Uncertainty plays a role in growth too – often a negative one. It is defined by a wide range of expected outcomes. It is also determined by the difficulty with which probabilities can be assigned to any of those outcomes. The wider the range; the more difficult the calculation of probabilities; the greater the uncertainty.
Take the globe’s current situation. There is a huge range of potential developments (Ukraine/Russia war, Israel/Hamas conflict, climate change, US tariffs) where both the range of potential impacts, and the probabilities of any one of those impacts crystalising, is incredibly uncertain. For businesses, these issues tend to delay decisions – particularly investment and hiring decisions.

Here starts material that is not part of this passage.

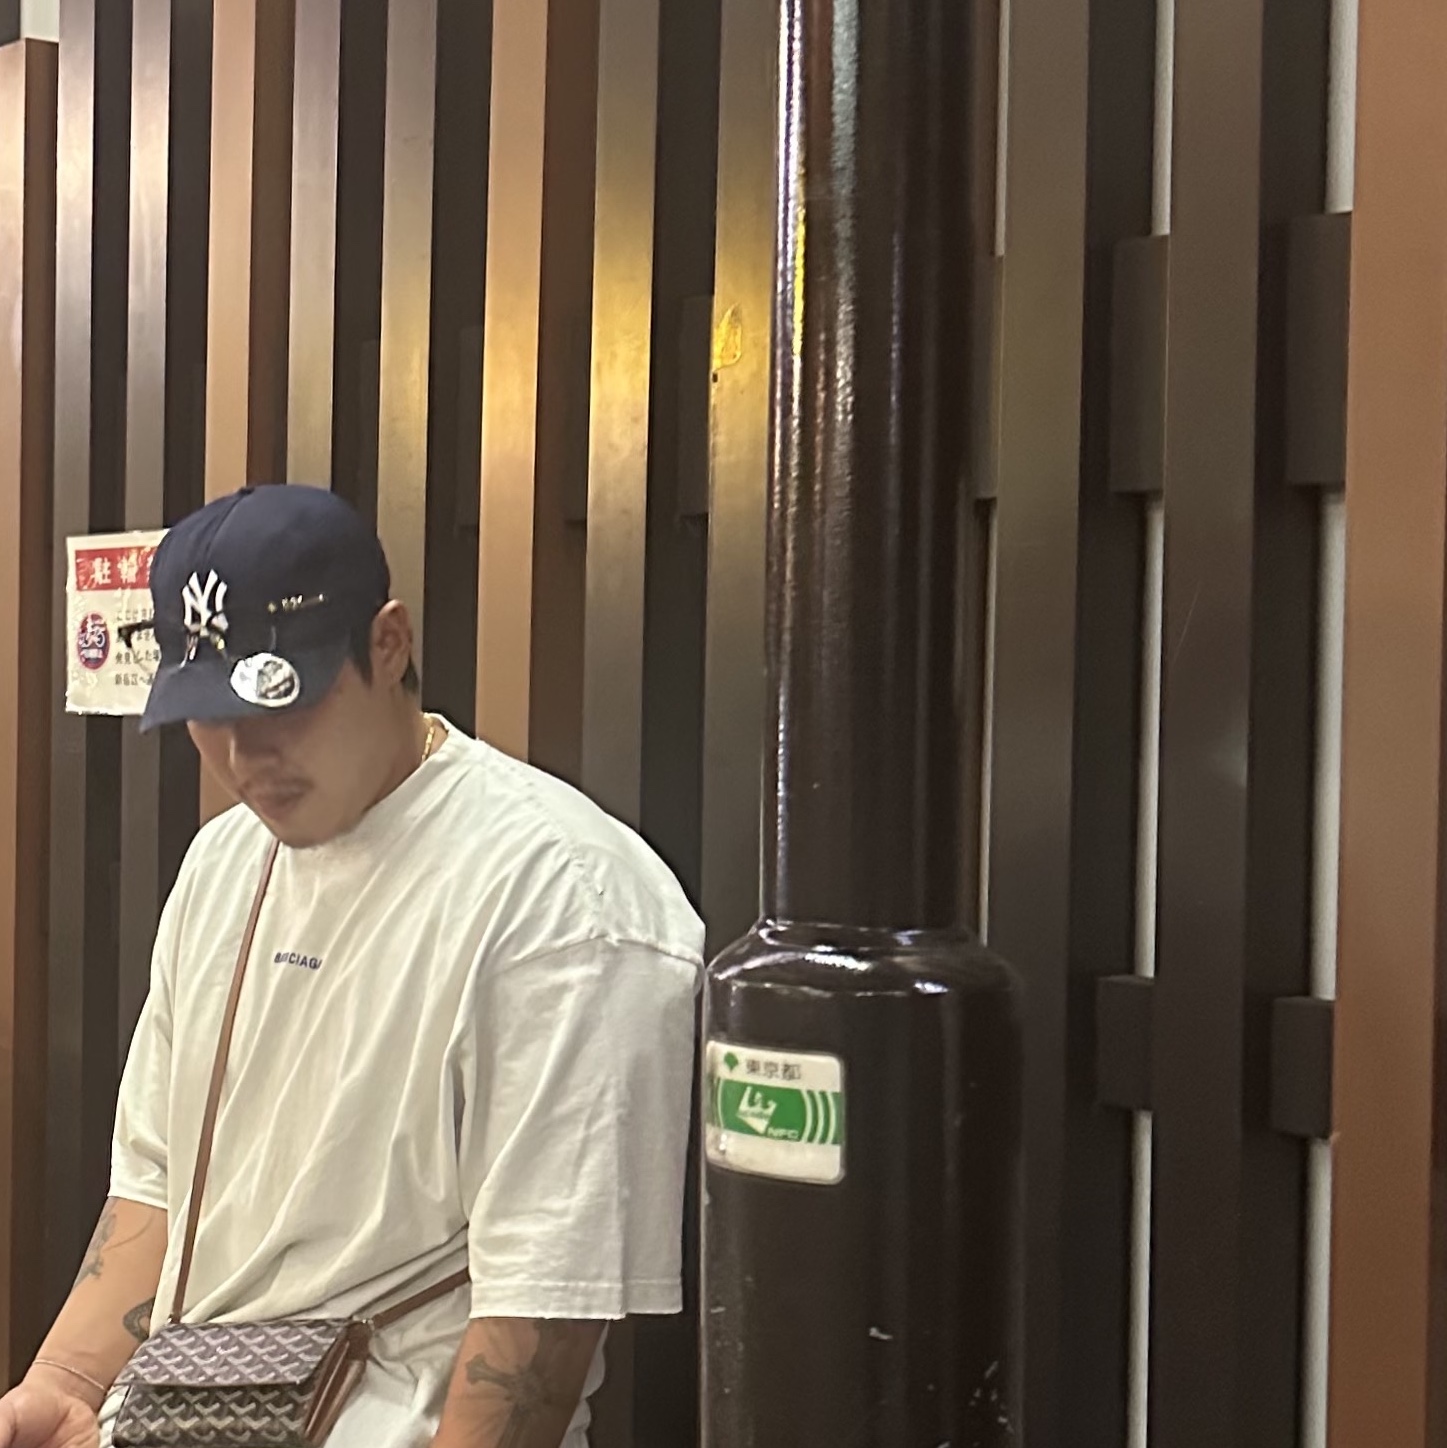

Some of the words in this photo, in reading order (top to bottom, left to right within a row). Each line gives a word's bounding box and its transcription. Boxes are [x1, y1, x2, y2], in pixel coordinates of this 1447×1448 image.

The European Investment Bank estimates that high uncertainty leads to a one percentage-point drop in employment growth and a three percentage-point fall in investment rates. It has a similar effect on consumers: individuals tend to increase their precautionary savings during times of heightened uncertainty.
But some forms of uncertainty can be beneficial. Consider AI. There is huge uncertainty about what its potential impact on the economy will be; when that impact will be experienced at scale; and how it will affect jobs. There is concern that it may exacerbate vulnerability to cyberattacks and cause substantial job losses. Yet it is chiefly viewed as a huge opportunity to reduce costs and expand services. As such, it is spurring substantial investment flows and technology valuations.
Government can of course influence growth, as we know only too well. The uncertainty generated ahead of the October 2024 Budget – and the policies themselves – have slowed the economy significantly. But the overall role of government in the world’s growth story is huge. Property rights, the rule of law, independent central banks, the delivery of public services (including health and education), the setting of regulatory standards, and the funding of major infrastructure, all support economic performance. Meanwhile, government systems such as capitalism, socialism, communism and collectivism have all had profound effects
on growth.
What is growth anyway?
Growth is shorthand for economic growth – the increase in gross domestic product (GDP) over time. The two most familiar methods for calculating GDP are: the total of all goods and services produced in an economy (the ‘output measure’ – e.g. construction, manufacturing output); or the total of all spending in the economy (the ‘expenditure measure’ – e.g. consumer spending, business investment).
One factor which will tend to increase GDP is population growth. If a country’s population expands, its economy likely grows too. But that does not mean individuals become richer: if GDP grows more slowly than the population, then the average individual becomes poorer.
The diligence dividend
The dinosaurs might reasonably have considered their demise bad luck. But humans are largely authors of our own destiny. For the most part, growth is more hard work than luck.
Benjamin Franklin, one of the United States’ founding fathers, is credited with saying, “Diligence is the mother of good luck.” A similar aphorism, “The harder I work the luckier I get” has been credited to everyone from former US President Thomas Jefferson, golfer Gary Player, and film-maker Samuel Goldwyn. It’s a hackneyed quote but, like many hackneyed quotes, there is some truth in it.
Luck does have some part to play in most strands of life – otherwise why buy insurance? But, overall, boring old hard and consistent work delivers the goods.